=== Section Start ===

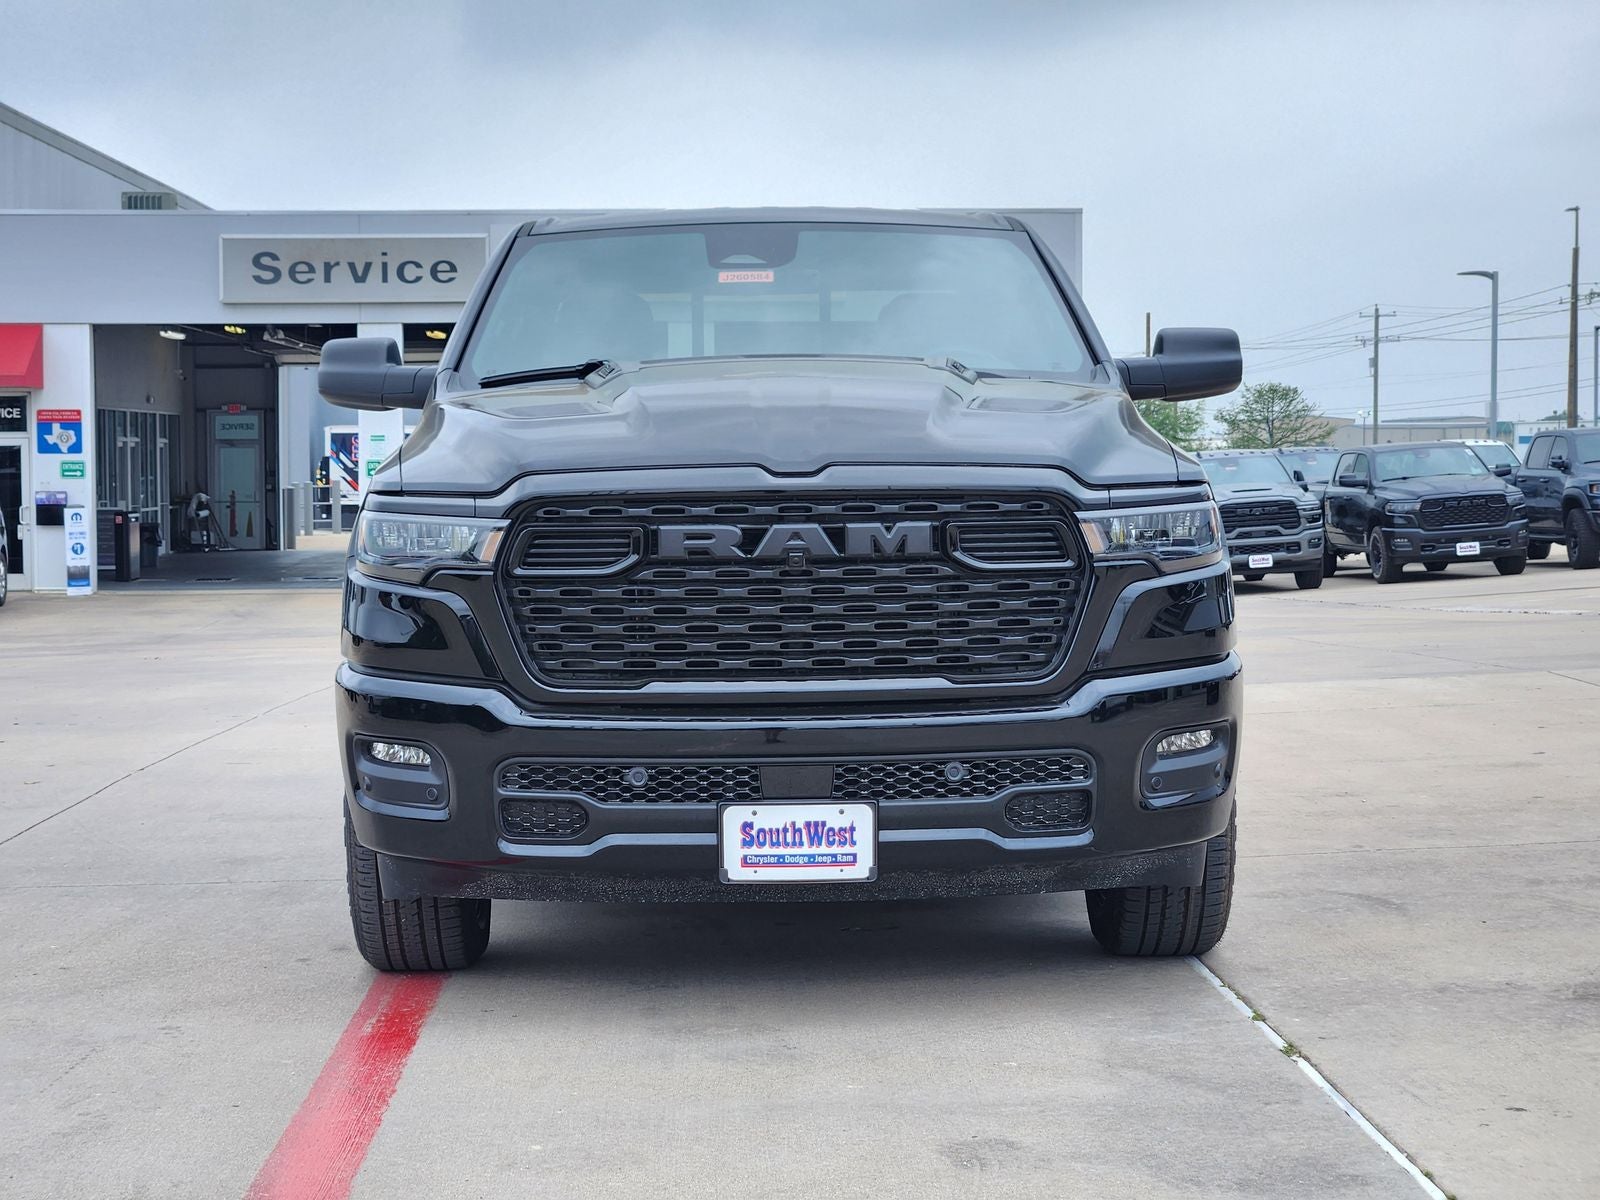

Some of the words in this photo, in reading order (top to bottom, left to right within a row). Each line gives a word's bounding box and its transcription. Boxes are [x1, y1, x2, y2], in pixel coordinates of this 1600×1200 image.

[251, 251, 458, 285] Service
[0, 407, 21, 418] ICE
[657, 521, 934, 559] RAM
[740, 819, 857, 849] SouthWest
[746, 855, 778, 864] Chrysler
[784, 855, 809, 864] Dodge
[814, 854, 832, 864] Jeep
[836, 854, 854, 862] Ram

=== Section End ===

■ **Work instructions**: Each record above has to be written out again in full, but its pictures must not be.

■ **Response to this exercise**:
Some of the words in this photo, in reading order (top to bottom, left to right within a row). Each line gives a word's bounding box and its transcription. Boxes are [x1, y1, x2, y2], in pixel coordinates of this 1600×1200 image.

[251, 251, 458, 285] Service
[0, 407, 21, 418] ICE
[657, 521, 934, 559] RAM
[740, 819, 857, 849] SouthWest
[746, 855, 778, 864] Chrysler
[784, 855, 809, 864] Dodge
[814, 854, 832, 864] Jeep
[836, 854, 854, 862] Ram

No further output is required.